# CDrom won't auto-mount [SOLVED]

## crackbaby58

I'm running gnome.

I have hald, dbus running

User is in appropriate groups:

```

$ groups

wheel floppy audio cdrom video usb users cron plugdev games

```

CDs won't mount when I insert them.

Manually mounting them produced an error:

```

mount: block device /dev/hdc is write-protected, mounting read-only

mount: /dev/hdc already mounted or /media/cdrecorder/ busy

```

On someone's advise I emerged ivman and pmount.

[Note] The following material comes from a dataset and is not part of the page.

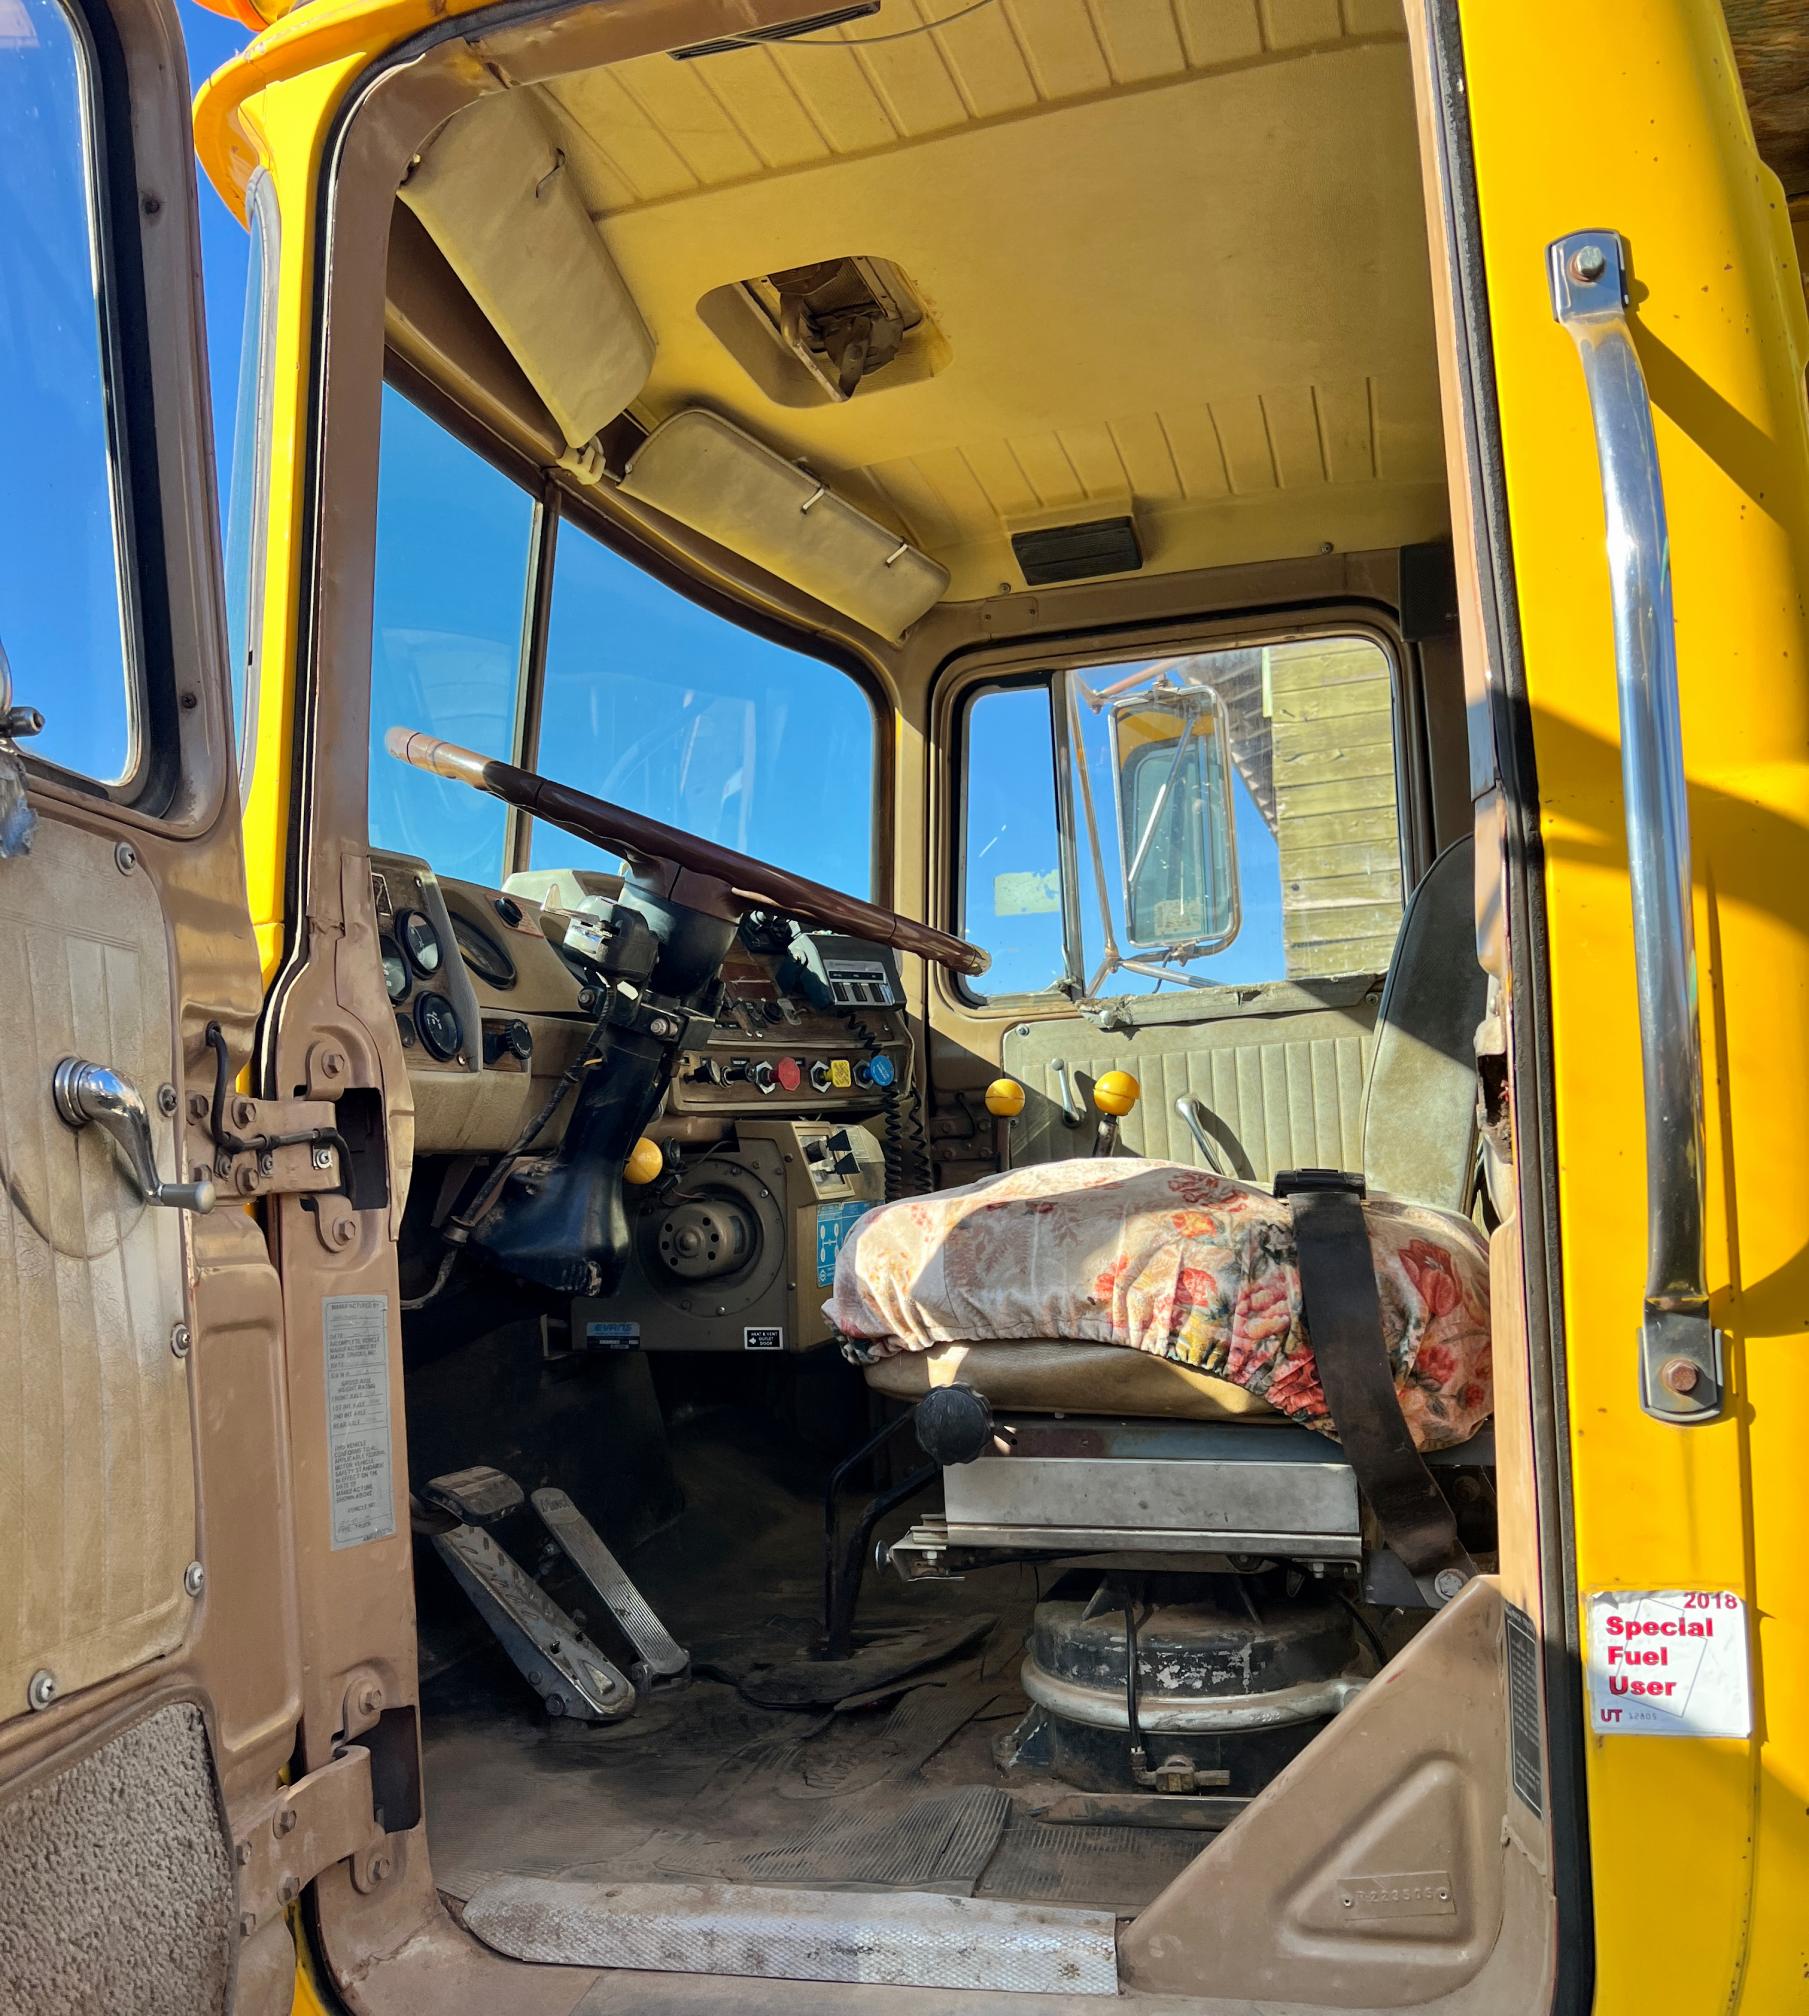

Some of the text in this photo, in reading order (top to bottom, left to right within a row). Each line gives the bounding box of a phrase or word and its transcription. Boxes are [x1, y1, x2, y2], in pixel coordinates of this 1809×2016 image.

No automount, clicking CD-RW drive under Nautilus gave an error:

```

Warning: device /dev/hdc is already handled by /etc/fstab, supplied label is ignored

mount: block device /dev/hdc is write-protected, mounting read-only

mount: /dev/hdc already mounted or /media/cdrecorder busy

Error: could not execute pmount

```

So I commented reference to cdrom from fstab

No automount. Clicking CD-RW drive again produced different error:

```

mount: unknown filesystem type 'jfs'

Error: could not delete mount point: No such file or directory

Error: could not execute pmount

```

I tried manual pmount with user.

```

$ pmount /dev/hdc

mount: unknown filesystem type 'jfs'

```

```

$ pmount -t iso9660 /dev/hdc

mount: block device /dev/hdc is write-protected, mounting read-only

mount: /dev/hdc already mounted or /media/hdc busy

```

Does this mean anything to anyone? I'm stumped.Last edited by crackbaby58 on Sat May 20, 2006 9:06 pm; edited 1 time in total

----------

## mirojira

What is in your /etc/fstab ?

----------

## crackbaby58

Thanks for the reply.

```

cat /etc/fstab

/dev/hda1               /boot           ext2            defaults,rw,noatime             1 1

/dev/hda3               /               ext3            noatime,user_xattr              0 0

/dev/hda2               none            swap            sw                      0 0

/dev/hda5               /home           ext3            noatime,user_xattr      0 0

#/dev/cdroms/cdrom0     /mnt/cdrom      auto            auto,ro,user            0 0

/dev/fd0                /mnt/floppy     auto            noauto                  0 0

/dev/hdb1               /mnt/bigboy     ext3            auto,noatime,user,exec,user_xattr  0 0

/dev/sda2               /mnt/ipod       vfat            sync,nodev,noauto,user,uid=1000,gid=100      0 0

none                    /proc           proc            defaults                0 0

#/dev/hdc                /media/cdrecorder       auto    user,exec,noauto,managed 0 0

#/dev/cdrom /media/cdrecorder auto noauto,user 0 0

```

----------

## mirojira

This should make automount for you

```
/dev/cdroms/cdrom0             /mnt/cdrom     iso9660     users,noauto         0 0
```

----------

## crackbaby58

Same problem(s).

Additionally, when attempting to manually mount I get

```

# mount /media/cdrecorder/

mount: special device /dev/cdroms/cdrom0 does not exist

```

----------

## mirojira

I think that you should take a look in your /dev directory. If /dev/cdroms/cdrom0 does not exists you musn't use it in fstab.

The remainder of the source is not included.